(Beginning of GIVEN ENTRIES)
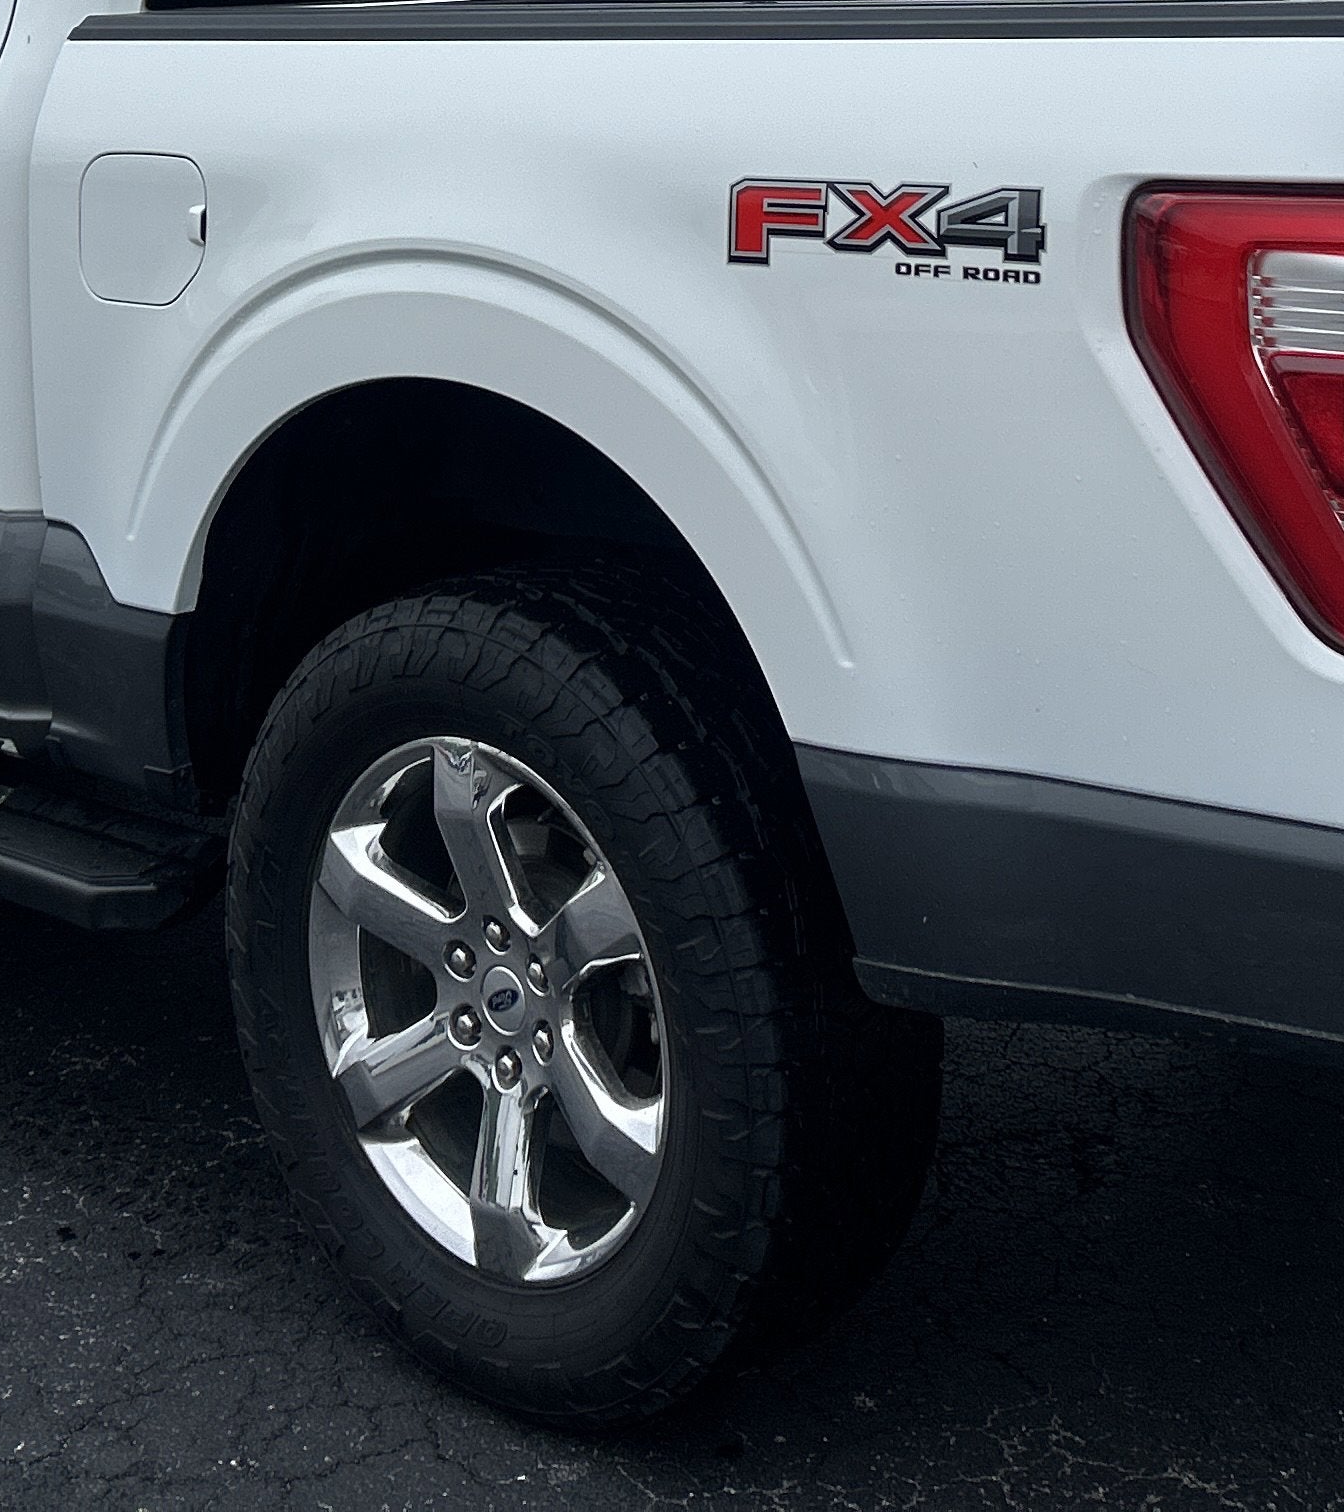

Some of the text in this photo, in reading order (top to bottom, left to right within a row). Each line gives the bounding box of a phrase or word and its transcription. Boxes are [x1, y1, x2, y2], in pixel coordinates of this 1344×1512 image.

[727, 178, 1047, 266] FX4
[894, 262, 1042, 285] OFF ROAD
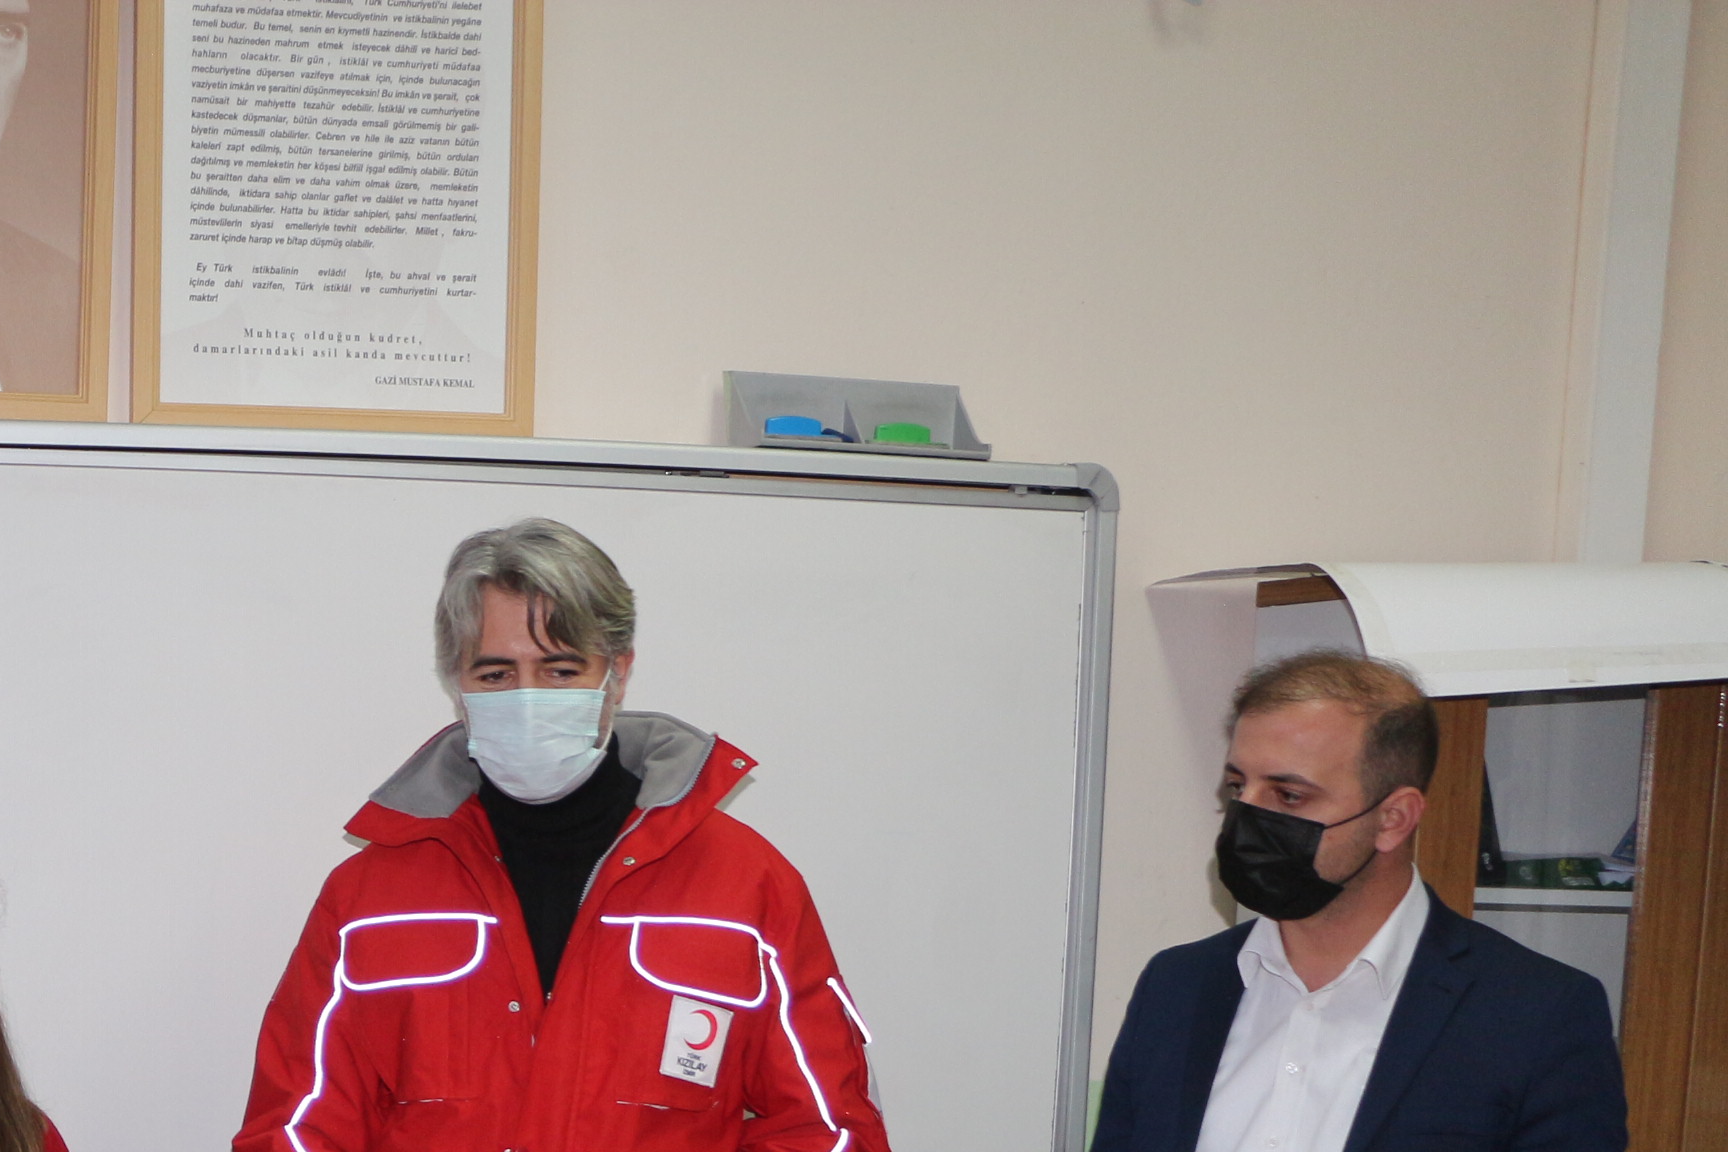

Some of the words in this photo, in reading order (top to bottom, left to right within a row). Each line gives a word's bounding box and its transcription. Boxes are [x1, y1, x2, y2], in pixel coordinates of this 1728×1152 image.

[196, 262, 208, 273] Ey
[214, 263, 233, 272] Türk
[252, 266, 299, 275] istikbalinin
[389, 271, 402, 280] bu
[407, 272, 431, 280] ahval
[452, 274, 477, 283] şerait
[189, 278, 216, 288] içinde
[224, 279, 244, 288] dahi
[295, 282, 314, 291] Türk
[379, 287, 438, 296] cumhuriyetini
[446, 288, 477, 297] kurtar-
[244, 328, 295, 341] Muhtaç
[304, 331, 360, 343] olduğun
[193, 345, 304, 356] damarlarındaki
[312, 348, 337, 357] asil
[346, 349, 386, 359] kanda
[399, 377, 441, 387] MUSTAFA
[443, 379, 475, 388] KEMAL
(End of GIVEN ENTRIES)
## TASK DIRECTIONS
The data shown above must be printed again exactly, with no images included.

## COMPLETED TASK
Some of the text in this photo, in reading order (top to bottom, left to right within a row). Each line gives the bounding box of a phrase or word and its transcription. Boxes are [x1, y1, x2, y2], in pixel coordinates of this 1344×1512 image.

[727, 178, 1047, 266] FX4
[894, 262, 1042, 285] OFF ROAD

Some of the words in this photo, in reading order (top to bottom, left to right within a row). Each line gives a word's bounding box and its transcription. Boxes are [x1, y1, x2, y2], in pixel coordinates of this 1728×1152 image.

[196, 262, 208, 273] Ey
[214, 263, 233, 272] Türk
[252, 266, 299, 275] istikbalinin
[389, 271, 402, 280] bu
[407, 272, 431, 280] ahval
[452, 274, 477, 283] şerait
[189, 278, 216, 288] içinde
[224, 279, 244, 288] dahi
[295, 282, 314, 291] Türk
[379, 287, 438, 296] cumhuriyetini
[446, 288, 477, 297] kurtar-
[244, 328, 295, 341] Muhtaç
[304, 331, 360, 343] olduğun
[193, 345, 304, 356] damarlarındaki
[312, 348, 337, 357] asil
[346, 349, 386, 359] kanda
[399, 377, 441, 387] MUSTAFA
[443, 379, 475, 388] KEMAL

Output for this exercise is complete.